» **EXERCISE REQUIREMENTS**: Write the records out again exactly, but without pictures.

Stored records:

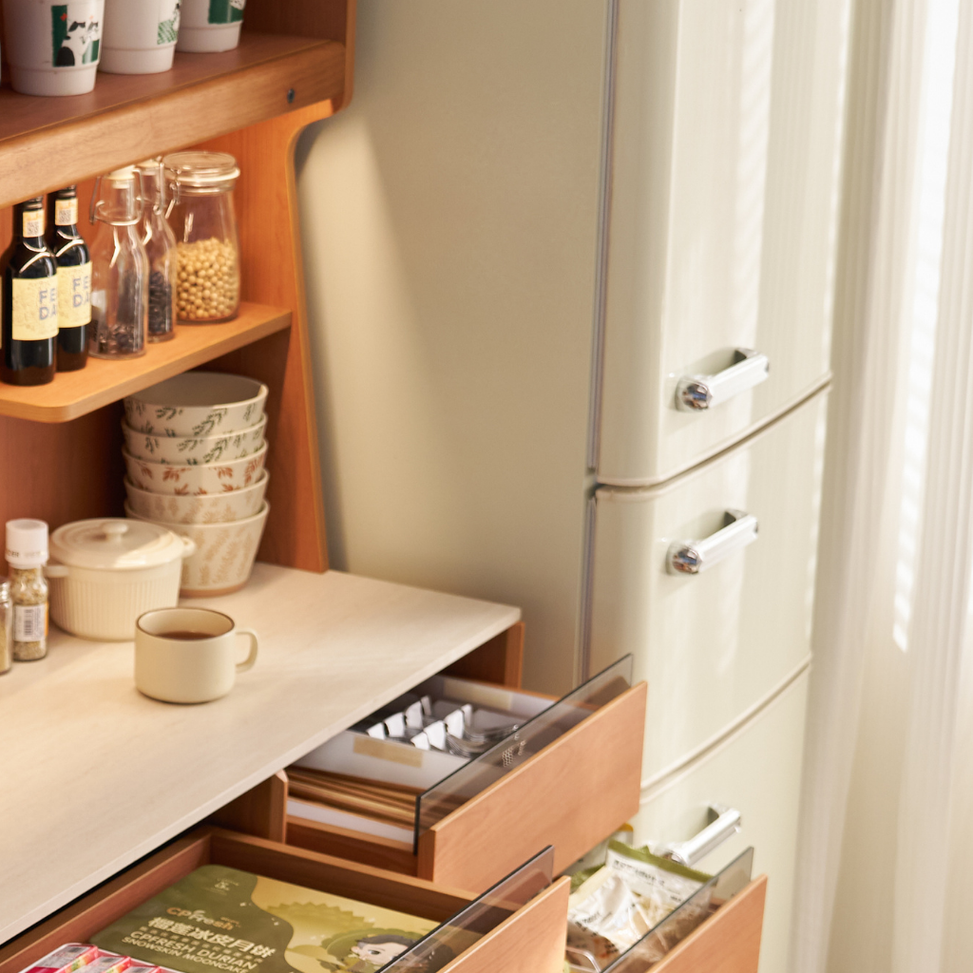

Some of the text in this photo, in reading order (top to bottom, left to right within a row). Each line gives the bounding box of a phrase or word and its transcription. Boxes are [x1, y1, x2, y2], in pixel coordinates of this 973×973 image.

[122, 936, 183, 957] SNOWSKIN
[130, 931, 196, 953] CPFRESH
[197, 949, 258, 970] DURIAN
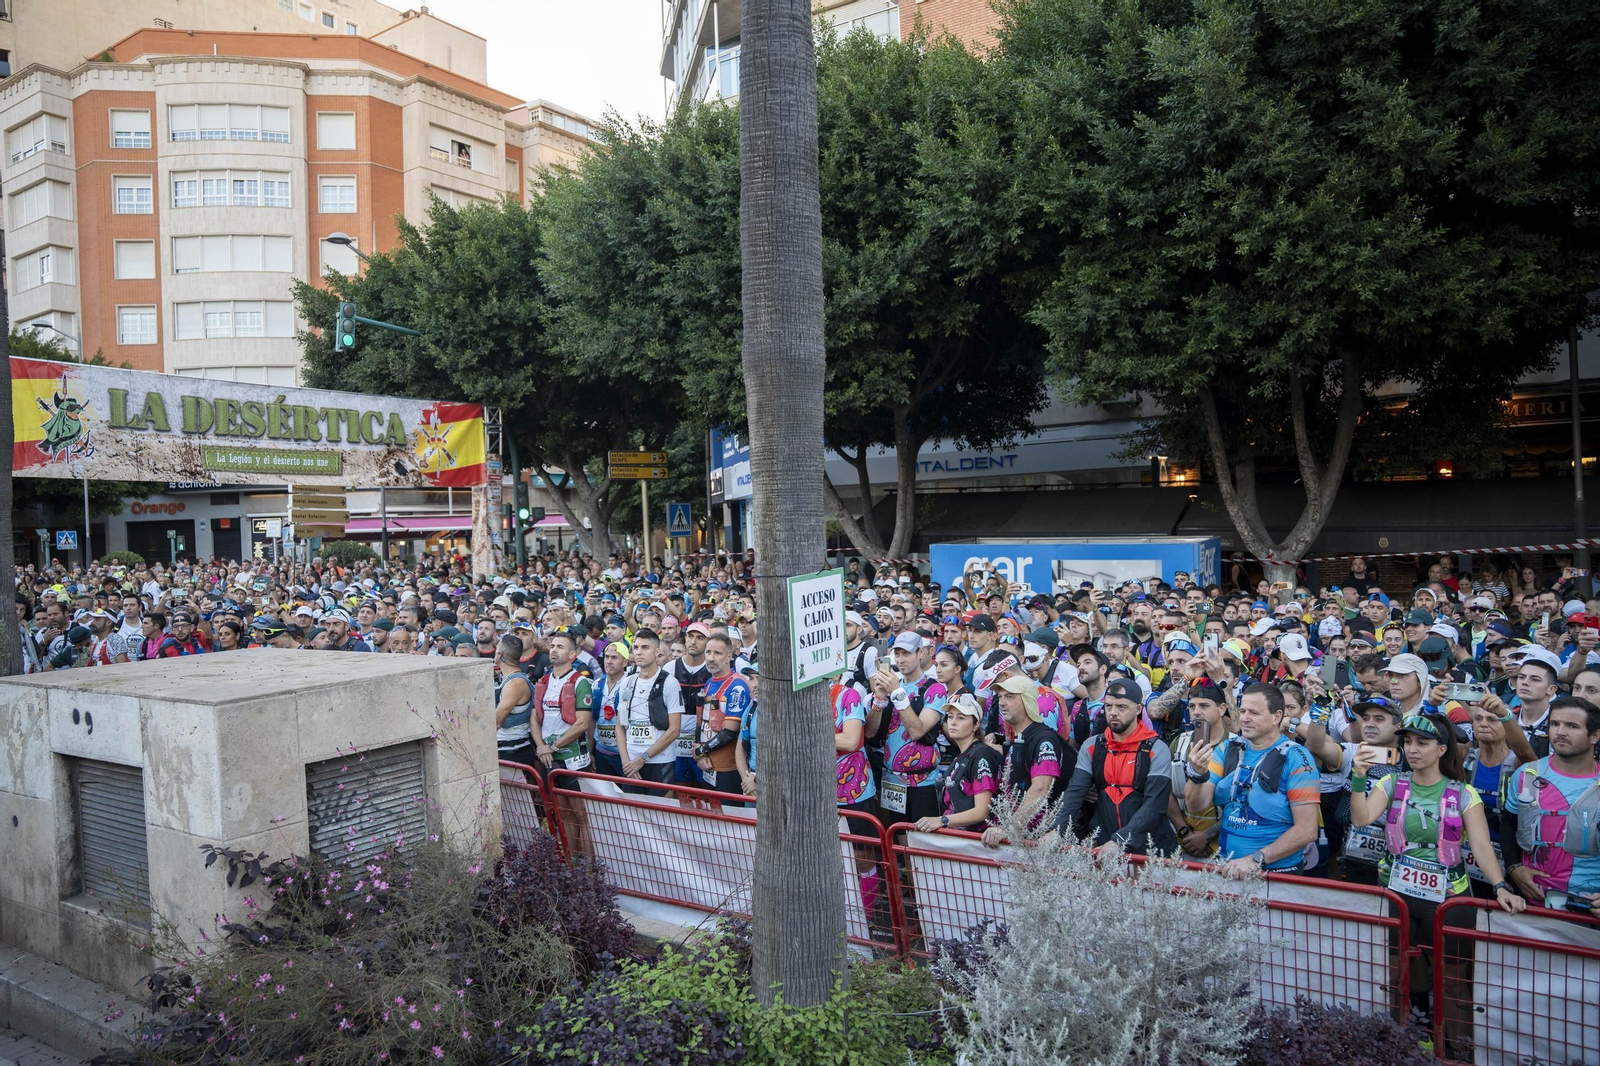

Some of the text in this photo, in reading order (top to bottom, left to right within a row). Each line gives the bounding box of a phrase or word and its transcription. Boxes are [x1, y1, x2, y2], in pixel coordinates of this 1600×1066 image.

» **RESULT**:
Some of the text in this photo, in reading order (top to bottom, left to right within a row). Each line gives the bounding box of a phrase or word and its transcription. Boxes are [x1, y1, x2, y2], in pixel coordinates of this 973×973 image.

[122, 936, 183, 957] SNOWSKIN
[130, 931, 196, 953] CPFRESH
[197, 949, 258, 970] DURIAN

Some of the text in this photo, in reading order (top to bottom, left to right within a row). Each line gives the bounding box of a phrase or word and its transcription. Boxes are [x1, y1, x2, y2], in pixel coordinates of this 1600×1066 image.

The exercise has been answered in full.